* _Exercise instructions_
Word for word, restate all of the entries.
>>>>>
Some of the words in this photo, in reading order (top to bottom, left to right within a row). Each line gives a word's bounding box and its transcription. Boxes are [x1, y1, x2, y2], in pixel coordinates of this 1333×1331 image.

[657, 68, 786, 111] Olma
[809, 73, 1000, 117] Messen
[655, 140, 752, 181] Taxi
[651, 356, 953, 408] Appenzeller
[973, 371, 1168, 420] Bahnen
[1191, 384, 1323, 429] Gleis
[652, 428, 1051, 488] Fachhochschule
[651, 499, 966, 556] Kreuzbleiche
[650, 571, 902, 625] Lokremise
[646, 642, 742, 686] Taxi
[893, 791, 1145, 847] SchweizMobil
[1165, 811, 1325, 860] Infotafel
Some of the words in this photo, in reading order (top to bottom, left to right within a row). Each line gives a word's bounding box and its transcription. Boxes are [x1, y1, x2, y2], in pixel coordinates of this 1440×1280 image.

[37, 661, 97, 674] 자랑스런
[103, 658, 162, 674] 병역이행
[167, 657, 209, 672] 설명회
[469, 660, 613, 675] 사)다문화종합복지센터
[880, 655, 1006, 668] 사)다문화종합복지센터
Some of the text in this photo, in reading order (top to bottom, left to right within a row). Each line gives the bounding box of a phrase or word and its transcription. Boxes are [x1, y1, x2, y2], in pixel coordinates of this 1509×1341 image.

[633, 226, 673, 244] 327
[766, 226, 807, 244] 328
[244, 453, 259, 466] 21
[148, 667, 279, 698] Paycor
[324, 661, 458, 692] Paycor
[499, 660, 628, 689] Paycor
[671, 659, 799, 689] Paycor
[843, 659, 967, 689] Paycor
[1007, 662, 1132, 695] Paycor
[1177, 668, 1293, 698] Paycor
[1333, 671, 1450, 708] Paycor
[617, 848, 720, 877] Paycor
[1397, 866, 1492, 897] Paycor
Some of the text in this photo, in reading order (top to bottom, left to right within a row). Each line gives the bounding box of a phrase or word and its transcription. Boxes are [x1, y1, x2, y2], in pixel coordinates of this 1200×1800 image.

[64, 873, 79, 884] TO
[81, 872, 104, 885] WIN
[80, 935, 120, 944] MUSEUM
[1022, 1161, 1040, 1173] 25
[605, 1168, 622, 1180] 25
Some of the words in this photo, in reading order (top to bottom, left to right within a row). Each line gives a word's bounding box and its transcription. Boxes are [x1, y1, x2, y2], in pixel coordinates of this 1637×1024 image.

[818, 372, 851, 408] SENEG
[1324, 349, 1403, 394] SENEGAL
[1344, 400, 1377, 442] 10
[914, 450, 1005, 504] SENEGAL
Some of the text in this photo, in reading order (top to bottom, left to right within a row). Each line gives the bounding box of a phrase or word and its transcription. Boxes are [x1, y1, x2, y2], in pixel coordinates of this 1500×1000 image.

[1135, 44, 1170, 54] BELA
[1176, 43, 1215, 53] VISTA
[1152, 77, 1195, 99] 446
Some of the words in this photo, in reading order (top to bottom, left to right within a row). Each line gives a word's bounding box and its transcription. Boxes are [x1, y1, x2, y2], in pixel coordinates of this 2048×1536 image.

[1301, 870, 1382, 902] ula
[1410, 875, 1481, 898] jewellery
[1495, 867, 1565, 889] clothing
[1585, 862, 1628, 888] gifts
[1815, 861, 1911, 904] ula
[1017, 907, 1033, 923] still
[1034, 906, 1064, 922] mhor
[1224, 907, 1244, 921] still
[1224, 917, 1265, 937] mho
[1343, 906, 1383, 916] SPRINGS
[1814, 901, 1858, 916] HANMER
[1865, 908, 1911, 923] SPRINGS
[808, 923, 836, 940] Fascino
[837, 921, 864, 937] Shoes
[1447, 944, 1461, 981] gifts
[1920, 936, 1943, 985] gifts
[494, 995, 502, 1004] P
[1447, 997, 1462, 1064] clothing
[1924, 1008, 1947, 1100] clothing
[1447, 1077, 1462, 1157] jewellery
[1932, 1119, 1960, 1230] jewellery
<<<<<
* _Exercise answer_
Some of the words in this photo, in reading order (top to bottom, left to right within a row). Each line gives a word's bounding box and its transcription. Boxes are [x1, y1, x2, y2], in pixel coordinates of this 1333×1331 image.

[657, 68, 786, 111] Olma
[809, 73, 1000, 117] Messen
[655, 140, 752, 181] Taxi
[651, 356, 953, 408] Appenzeller
[973, 371, 1168, 420] Bahnen
[1191, 384, 1323, 429] Gleis
[652, 428, 1051, 488] Fachhochschule
[651, 499, 966, 556] Kreuzbleiche
[650, 571, 902, 625] Lokremise
[646, 642, 742, 686] Taxi
[893, 791, 1145, 847] SchweizMobil
[1165, 811, 1325, 860] Infotafel
Some of the words in this photo, in reading order (top to bottom, left to right within a row). Each line gives a word's bounding box and its transcription. Boxes are [x1, y1, x2, y2], in pixel coordinates of this 1440×1280 image.

[37, 661, 97, 674] 자랑스런
[103, 658, 162, 674] 병역이행
[167, 657, 209, 672] 설명회
[469, 660, 613, 675] 사)다문화종합복지센터
[880, 655, 1006, 668] 사)다문화종합복지센터
Some of the text in this photo, in reading order (top to bottom, left to right within a row). Each line gives the bounding box of a phrase or word and its transcription. Boxes are [x1, y1, x2, y2], in pixel coordinates of this 1509×1341 image.

[633, 226, 673, 244] 327
[766, 226, 807, 244] 328
[244, 453, 259, 466] 21
[148, 667, 279, 698] Paycor
[324, 661, 458, 692] Paycor
[499, 660, 628, 689] Paycor
[671, 659, 799, 689] Paycor
[843, 659, 967, 689] Paycor
[1007, 662, 1132, 695] Paycor
[1177, 668, 1293, 698] Paycor
[1333, 671, 1450, 708] Paycor
[617, 848, 720, 877] Paycor
[1397, 866, 1492, 897] Paycor
Some of the text in this photo, in reading order (top to bottom, left to right within a row). Each line gives the bounding box of a phrase or word and its transcription. Boxes are [x1, y1, x2, y2], in pixel coordinates of this 1200×1800 image.

[64, 873, 79, 884] TO
[81, 872, 104, 885] WIN
[80, 935, 120, 944] MUSEUM
[1022, 1161, 1040, 1173] 25
[605, 1168, 622, 1180] 25
Some of the words in this photo, in reading order (top to bottom, left to right within a row). Each line gives a word's bounding box and its transcription. Boxes are [x1, y1, x2, y2], in pixel coordinates of this 1637×1024 image.

[818, 372, 851, 408] SENEG
[1324, 349, 1403, 394] SENEGAL
[1344, 400, 1377, 442] 10
[914, 450, 1005, 504] SENEGAL
Some of the text in this photo, in reading order (top to bottom, left to right within a row). Each line gives the bounding box of a phrase or word and its transcription. Boxes are [x1, y1, x2, y2], in pixel coordinates of this 1500×1000 image.

[1135, 44, 1170, 54] BELA
[1176, 43, 1215, 53] VISTA
[1152, 77, 1195, 99] 446
Some of the words in this photo, in reading order (top to bottom, left to right within a row). Each line gives a word's bounding box and its transcription. Boxes are [x1, y1, x2, y2], in pixel coordinates of this 2048×1536 image.

[1301, 870, 1382, 902] ula
[1410, 875, 1481, 898] jewellery
[1495, 867, 1565, 889] clothing
[1585, 862, 1628, 888] gifts
[1815, 861, 1911, 904] ula
[1017, 907, 1033, 923] still
[1034, 906, 1064, 922] mhor
[1224, 907, 1244, 921] still
[1224, 917, 1265, 937] mho
[1343, 906, 1383, 916] SPRINGS
[1814, 901, 1858, 916] HANMER
[1865, 908, 1911, 923] SPRINGS
[808, 923, 836, 940] Fascino
[837, 921, 864, 937] Shoes
[1447, 944, 1461, 981] gifts
[1920, 936, 1943, 985] gifts
[494, 995, 502, 1004] P
[1447, 997, 1462, 1064] clothing
[1924, 1008, 1947, 1100] clothing
[1447, 1077, 1462, 1157] jewellery
[1932, 1119, 1960, 1230] jewellery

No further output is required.